About this task | Each record that follows is to be transcribed exactly, excluding its images.
· · ·
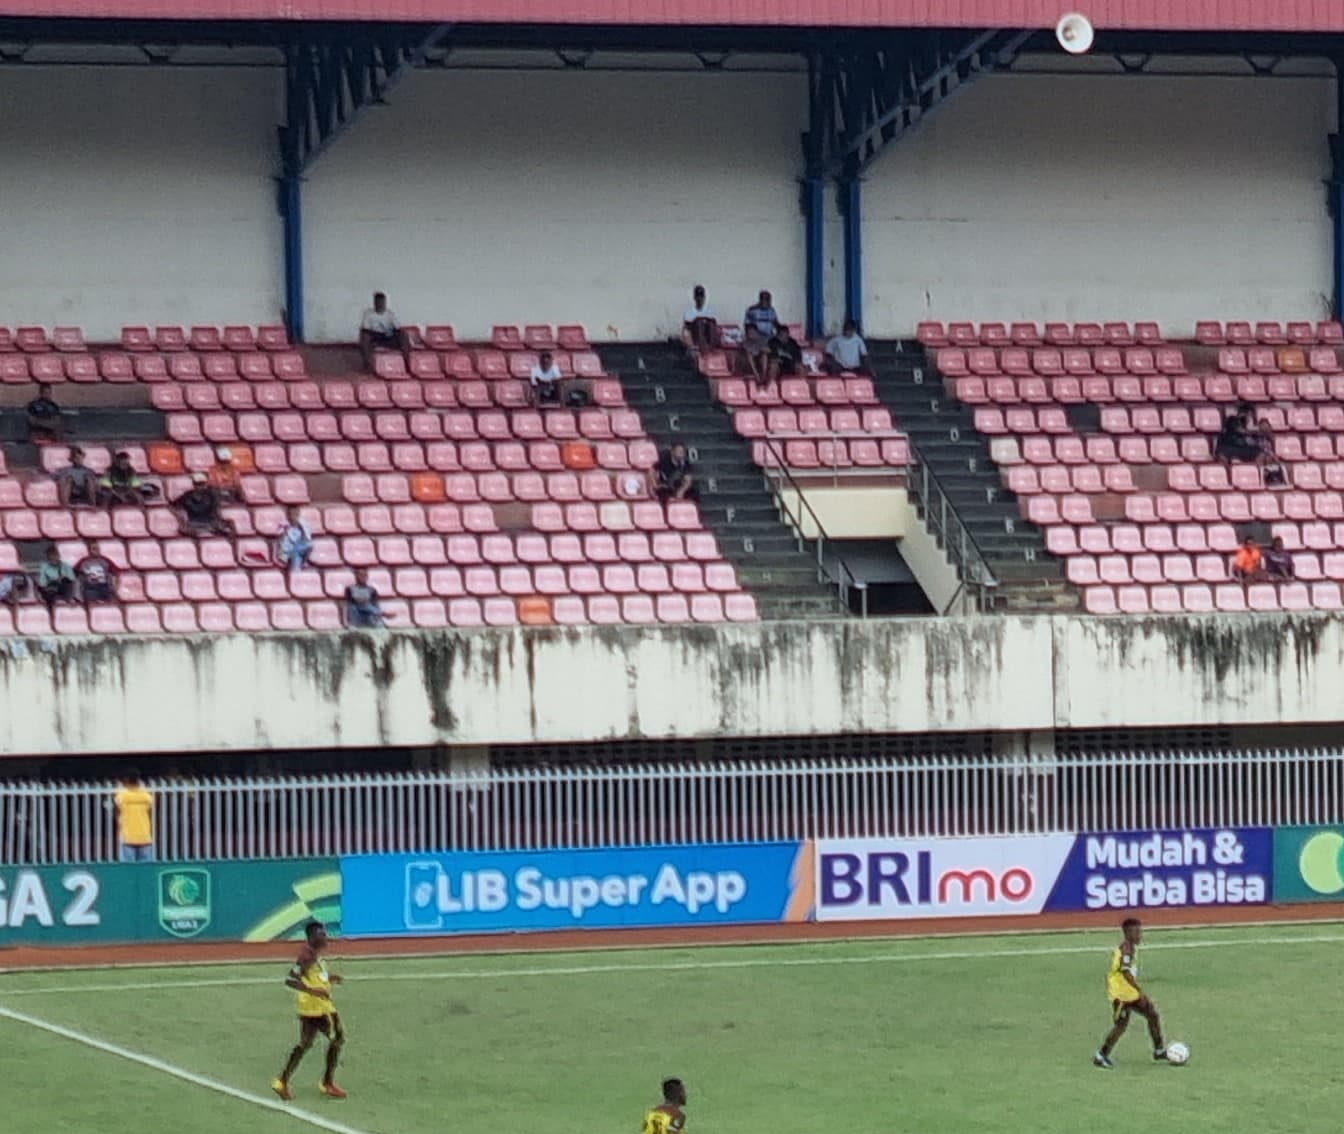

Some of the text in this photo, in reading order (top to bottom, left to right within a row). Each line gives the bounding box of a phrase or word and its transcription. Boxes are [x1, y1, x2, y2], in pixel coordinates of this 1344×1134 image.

[1086, 831, 1244, 868] Mudah &
[0, 869, 100, 928] A 2
[438, 863, 747, 919] LIB Super App
[820, 849, 1033, 907] BRImo
[1086, 870, 1265, 908] Serba Bisa
· · ·
Expected answer |
Some of the text in this photo, in reading order (top to bottom, left to right within a row). Each line gives the bounding box of a phrase or word and its transcription. Boxes are [x1, y1, x2, y2], in pixel coordinates of this 1344×1134 image.

[1086, 831, 1244, 868] Mudah &
[0, 869, 100, 928] A 2
[438, 863, 747, 919] LIB Super App
[820, 849, 1033, 907] BRImo
[1086, 870, 1265, 908] Serba Bisa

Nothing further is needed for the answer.